**DATA FOR PROCESSING**.
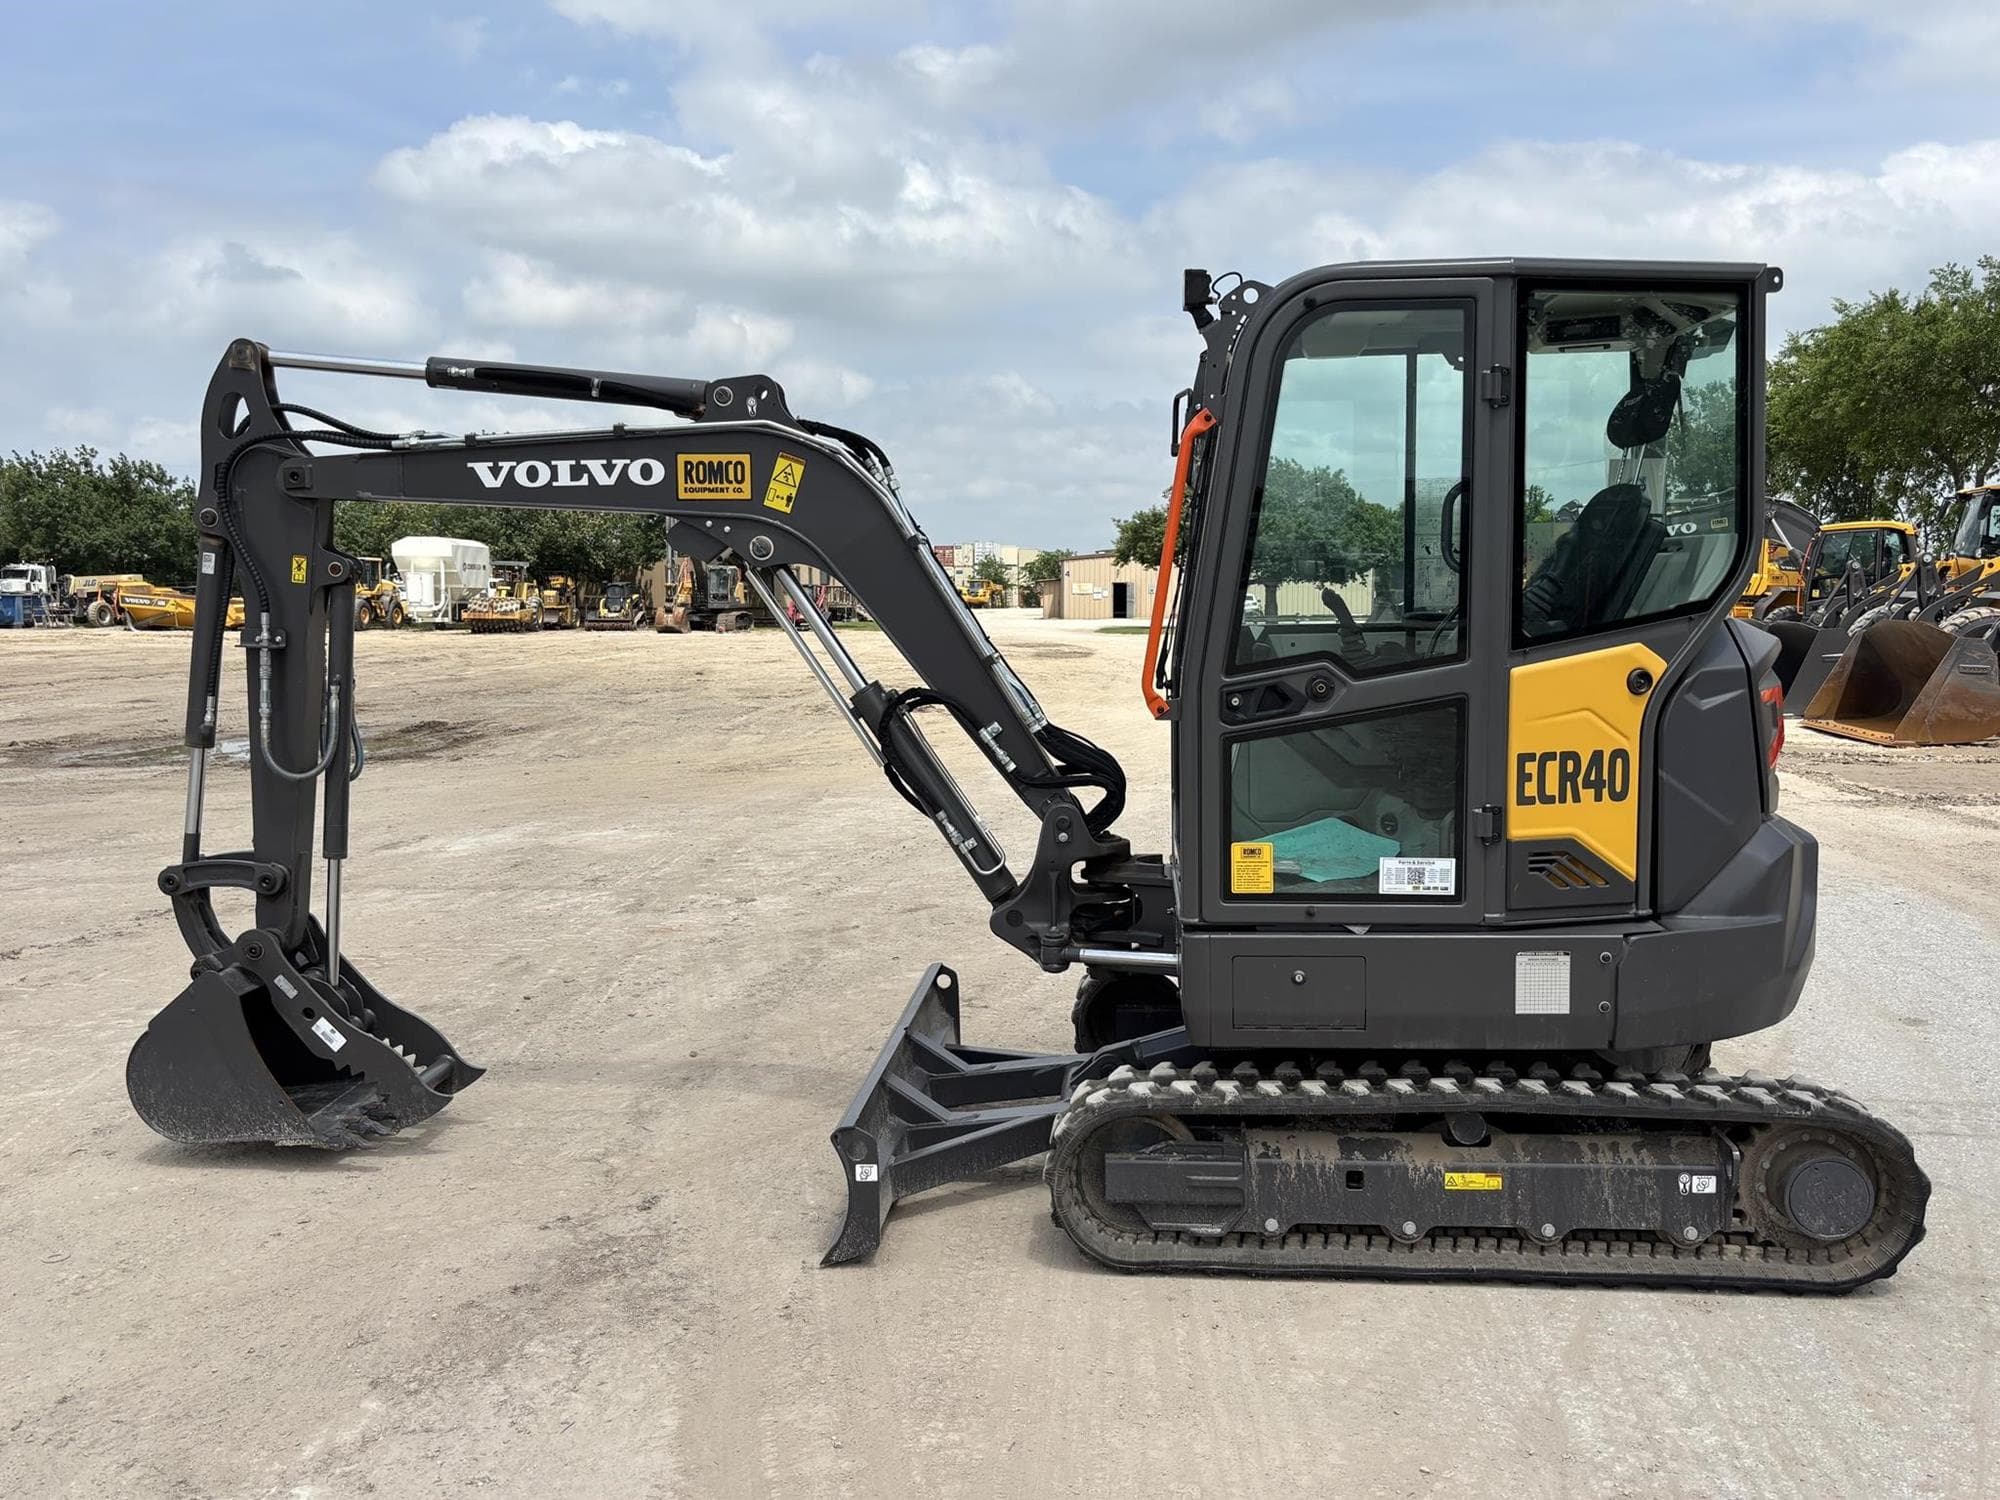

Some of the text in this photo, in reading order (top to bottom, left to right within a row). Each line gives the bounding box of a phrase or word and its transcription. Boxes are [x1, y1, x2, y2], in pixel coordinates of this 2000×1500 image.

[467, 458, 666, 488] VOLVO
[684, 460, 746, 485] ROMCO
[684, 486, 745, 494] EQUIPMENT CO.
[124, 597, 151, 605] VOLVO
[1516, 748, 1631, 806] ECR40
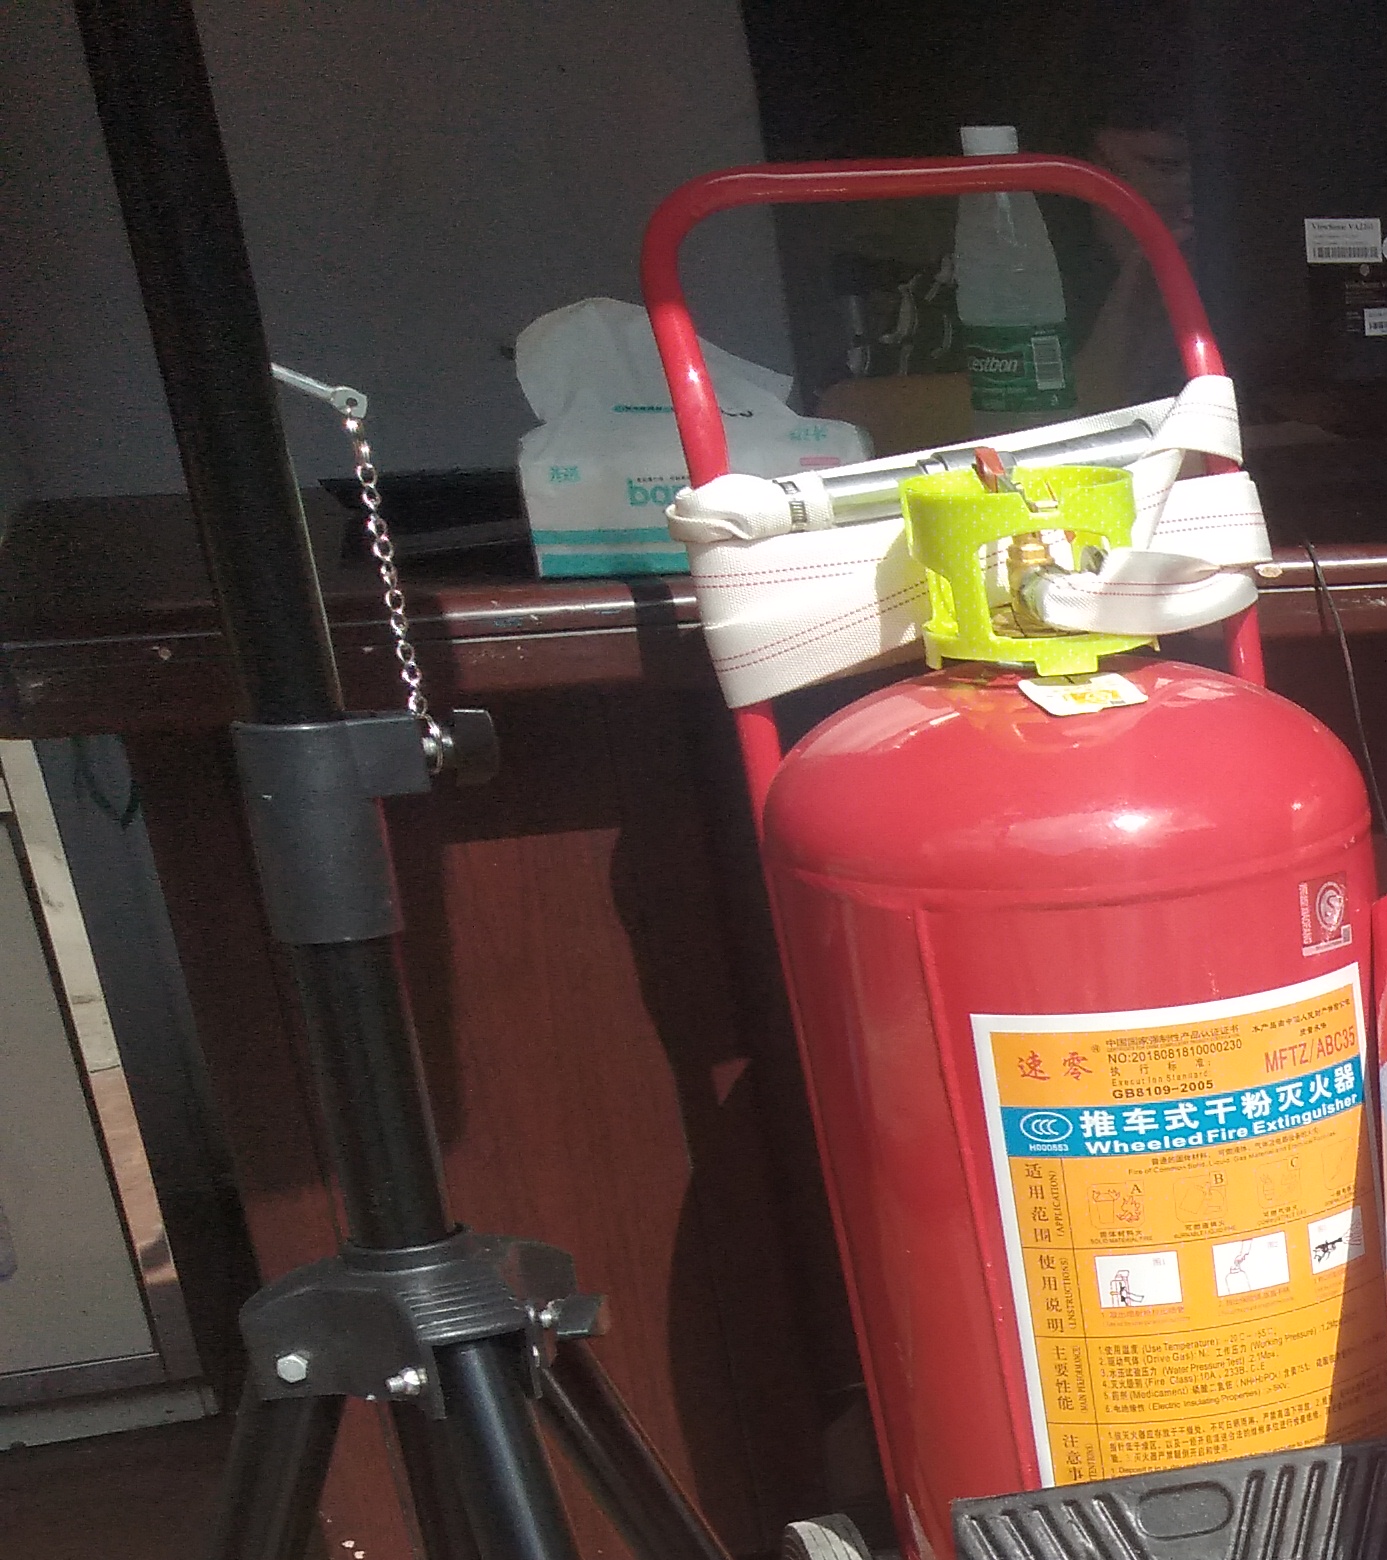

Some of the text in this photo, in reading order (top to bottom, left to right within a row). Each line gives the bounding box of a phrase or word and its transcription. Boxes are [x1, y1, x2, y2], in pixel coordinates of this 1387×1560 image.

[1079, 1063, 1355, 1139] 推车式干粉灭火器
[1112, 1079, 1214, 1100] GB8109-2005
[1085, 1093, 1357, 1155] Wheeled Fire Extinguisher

**TASK TO CARRY OUT**. In the answer, return exactly the lines from the line containing "this 1387×1560 image." to the end of the records above, and no others.

**SOLUTION TO THE EXERCISE**.
Some of the text in this photo, in reading order (top to bottom, left to right within a row). Each line gives the bounding box of a phrase or word and its transcription. Boxes are [x1, y1, x2, y2], in pixel coordinates of this 1387×1560 image.

[1079, 1063, 1355, 1139] 推车式干粉灭火器
[1112, 1079, 1214, 1100] GB8109-2005
[1085, 1093, 1357, 1155] Wheeled Fire Extinguisher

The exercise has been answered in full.